La NASA transformó el rol de los astronautas de Artemis II al convertirlos en observadores científicos capaces de interpretar la geología lunar en tiempo real. Reid Wiseman, Victor Glover, Christina Koch y Jeremy Hansen recibieron un programa que combinó teoría, trabajo de campo y simulaciones para describir estructuras, materiales y procesos desde la órbita.

El entrenamiento incluyó una semana de fundamentos lunares sobre impactos, vulcanismo y tectónica, seguida de prácticas en Kamestastin (Canadá) e Islandia, análogos terrestres donde los tripulantes identificaron brechas de impacto y depósitos volcánicos. Esta experiencia desarrolló su capacidad para reconocer texturas y escalas que luego aplicaron durante el sobrevuelo.
Simulaciones y toma de decisiones
Las sesiones en simuladores de Orion integraron el software Lunar Targeting Plan para priorizar objetivos según iluminación y trayectorias. Los astronautas practicaron ajustes en tiempo real ante cambios imprevistos, lo que permitió que durante el vuelo describieran con precisión la meseta Aristarchus, diferenciando tonos marrones y verdosos asociados a depósitos de rayos de cráteres.

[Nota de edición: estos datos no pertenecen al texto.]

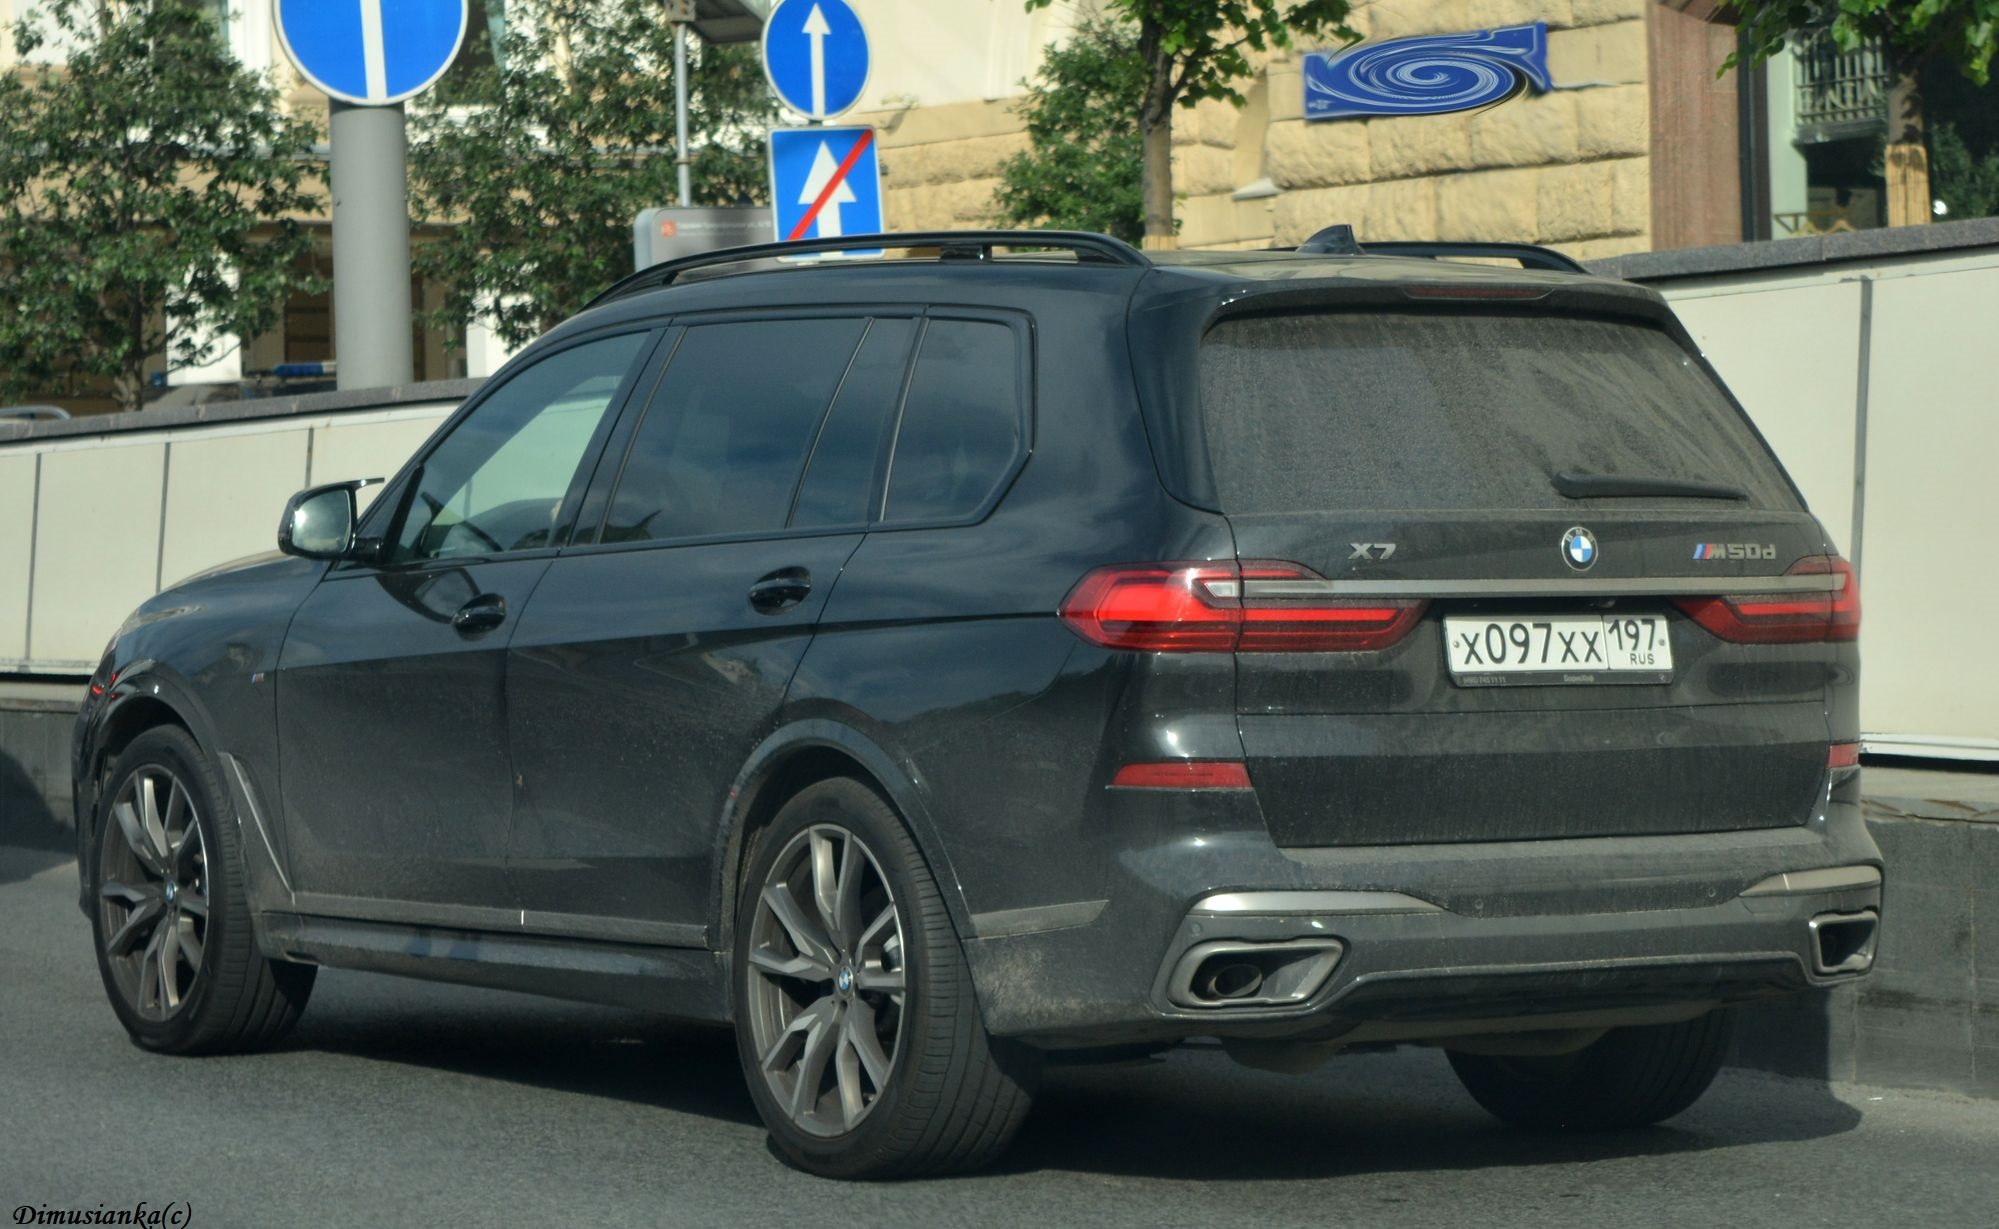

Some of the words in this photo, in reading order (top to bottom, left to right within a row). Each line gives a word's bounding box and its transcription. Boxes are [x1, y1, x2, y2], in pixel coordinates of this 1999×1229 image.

[1348, 543, 1397, 560] X7
[1709, 543, 1776, 560] M50d
[1608, 618, 1656, 651] 197
[1629, 653, 1655, 665] RUS
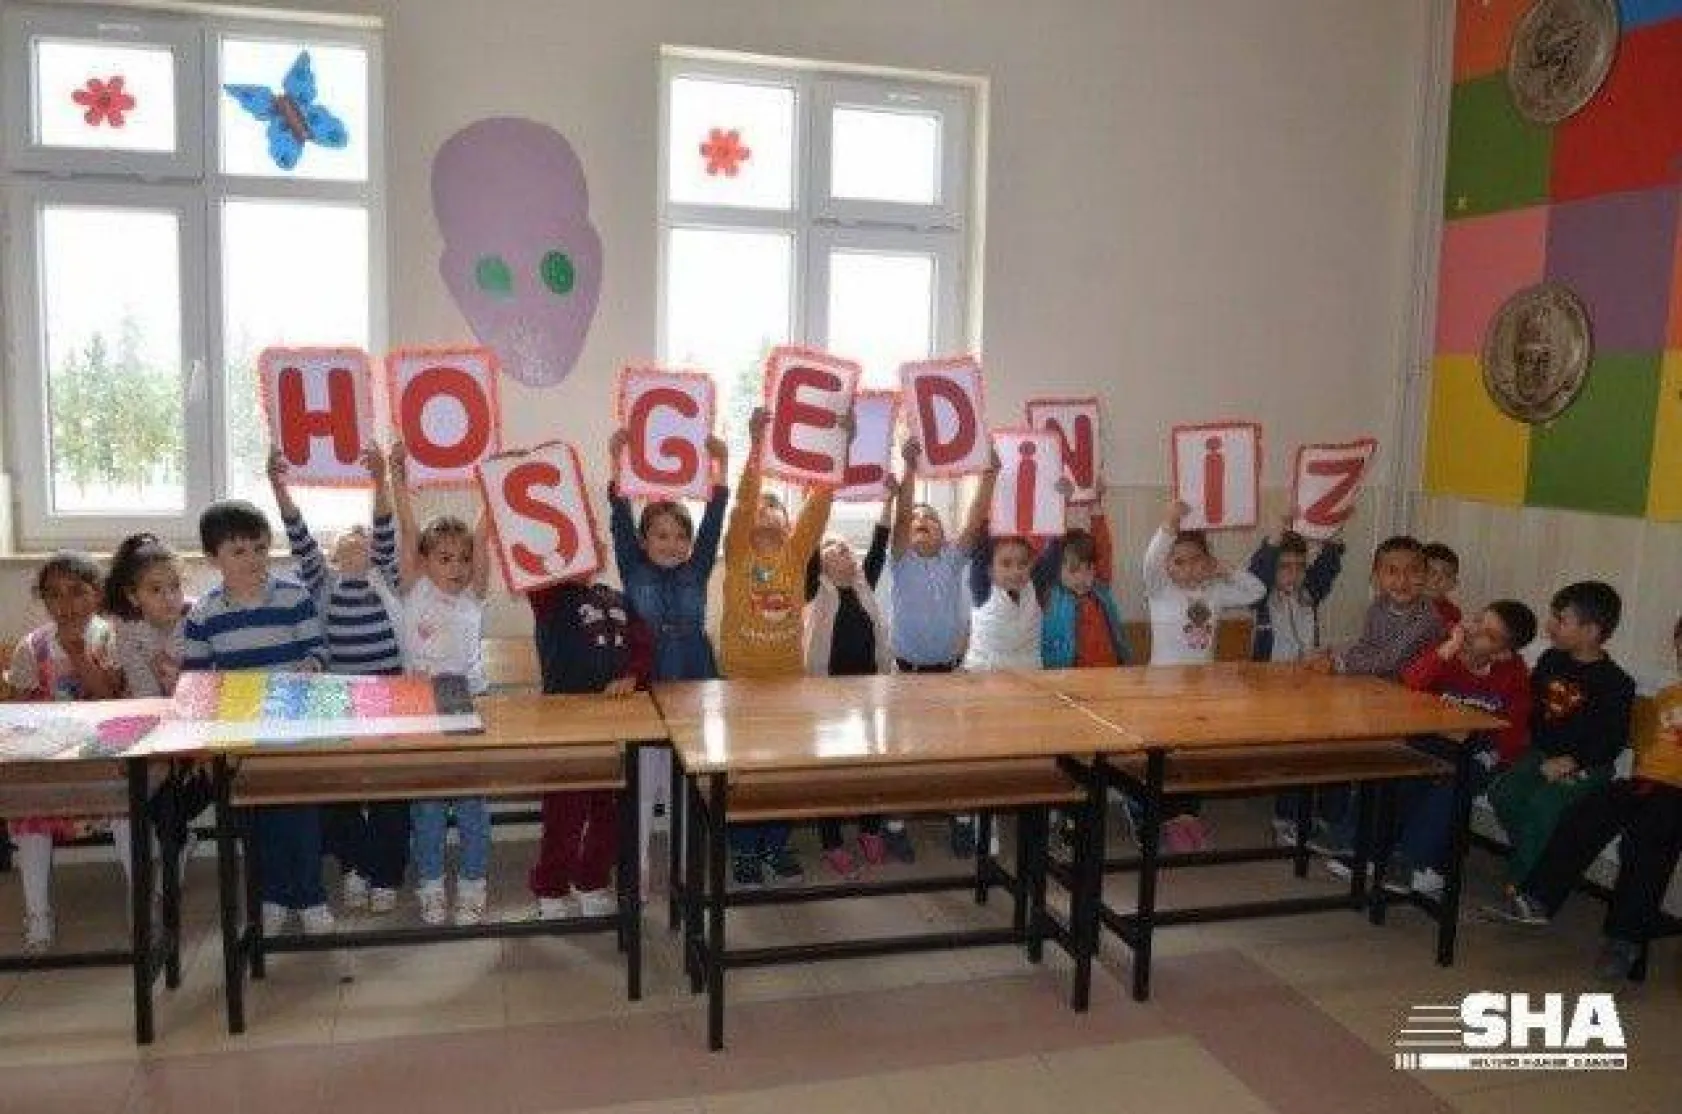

Implicaciones para misiones futuras
El enfoque demuestra que una tripulación diversa puede adquirir competencias geológicas en plazos limitados cuando el entrenamiento se vincula directamente con operaciones. La NASA aplicará estas lecciones a Artemis posteriores, donde las tripulaciones no solo operarán sistemas sino que interpretarán paisajes y seleccionarán muestras con criterio científico propio.